[Annotated photo localization data]
↓↓↓

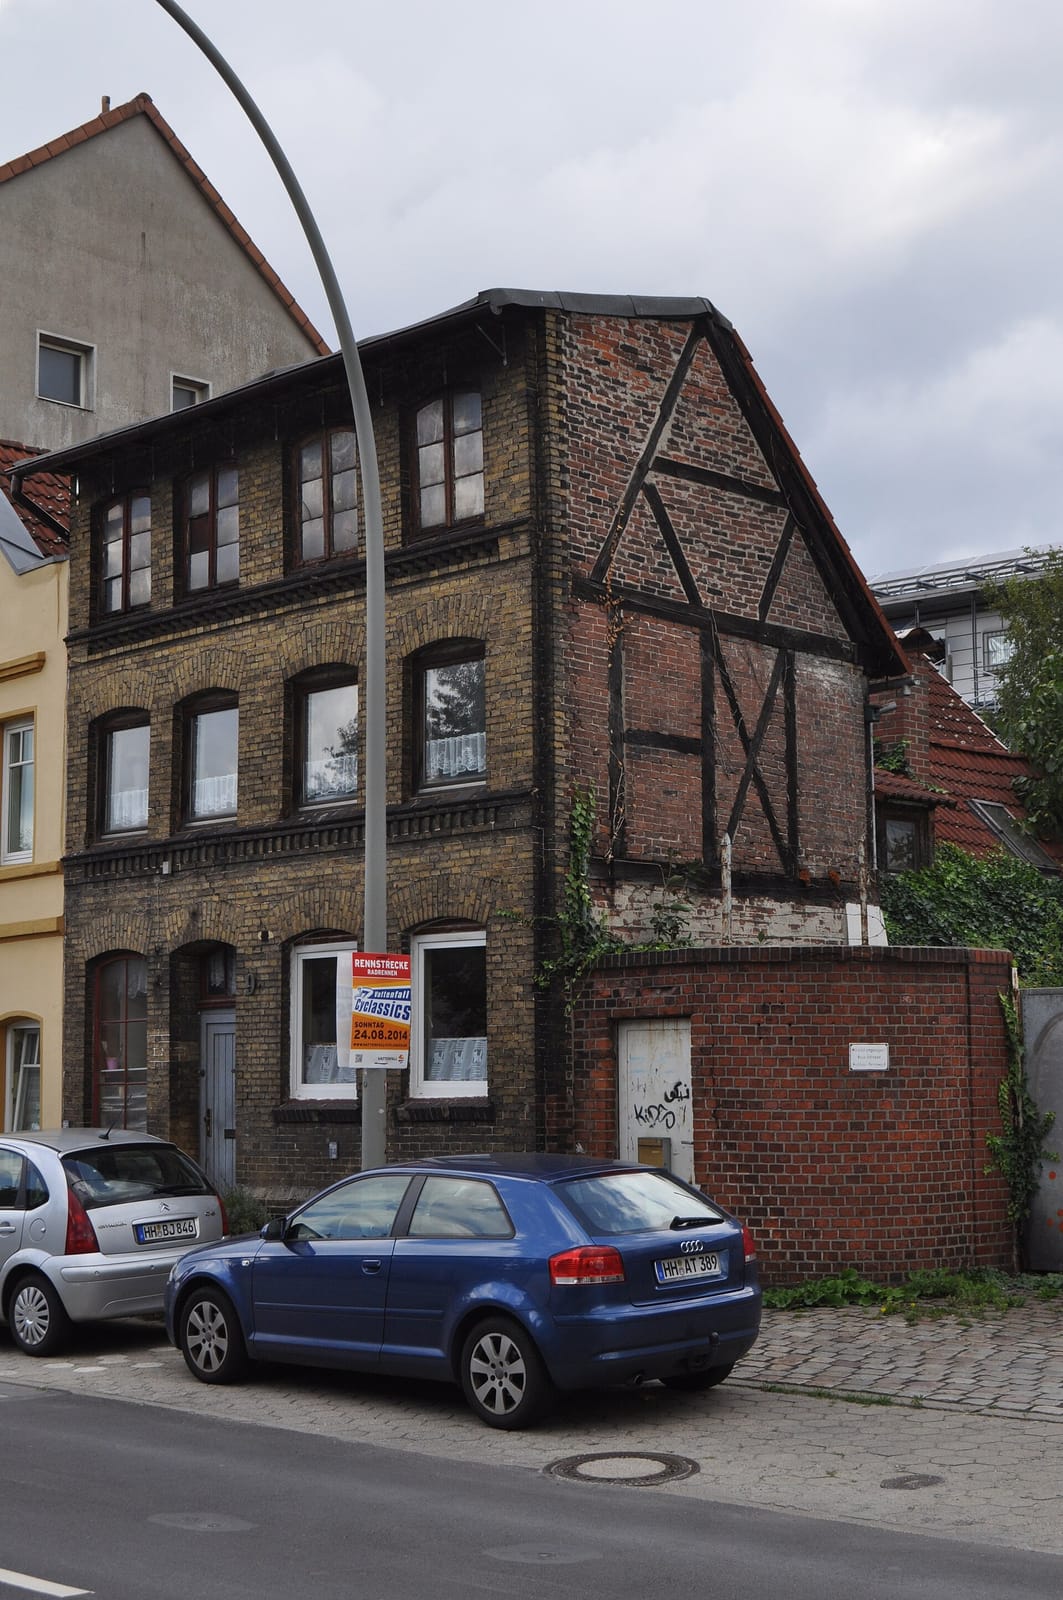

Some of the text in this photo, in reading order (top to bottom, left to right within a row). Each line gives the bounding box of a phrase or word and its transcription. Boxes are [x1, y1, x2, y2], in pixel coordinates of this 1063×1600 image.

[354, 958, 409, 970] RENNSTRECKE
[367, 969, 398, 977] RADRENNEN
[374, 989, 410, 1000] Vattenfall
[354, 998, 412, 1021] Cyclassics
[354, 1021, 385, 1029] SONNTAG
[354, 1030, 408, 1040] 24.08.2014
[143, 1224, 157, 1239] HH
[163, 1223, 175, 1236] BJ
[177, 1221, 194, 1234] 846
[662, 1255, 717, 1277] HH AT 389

↑↑↑

Each record above is to be copied out exactly; its pictures are not.

## Response to the exercise
Some of the text in this photo, in reading order (top to bottom, left to right within a row). Each line gives the bounding box of a phrase or word and its transcription. Boxes are [x1, y1, x2, y2], in pixel coordinates of this 1063×1600 image.

[354, 958, 409, 970] RENNSTRECKE
[367, 969, 398, 977] RADRENNEN
[374, 989, 410, 1000] Vattenfall
[354, 998, 412, 1021] Cyclassics
[354, 1021, 385, 1029] SONNTAG
[354, 1030, 408, 1040] 24.08.2014
[143, 1224, 157, 1239] HH
[163, 1223, 175, 1236] BJ
[177, 1221, 194, 1234] 846
[662, 1255, 717, 1277] HH AT 389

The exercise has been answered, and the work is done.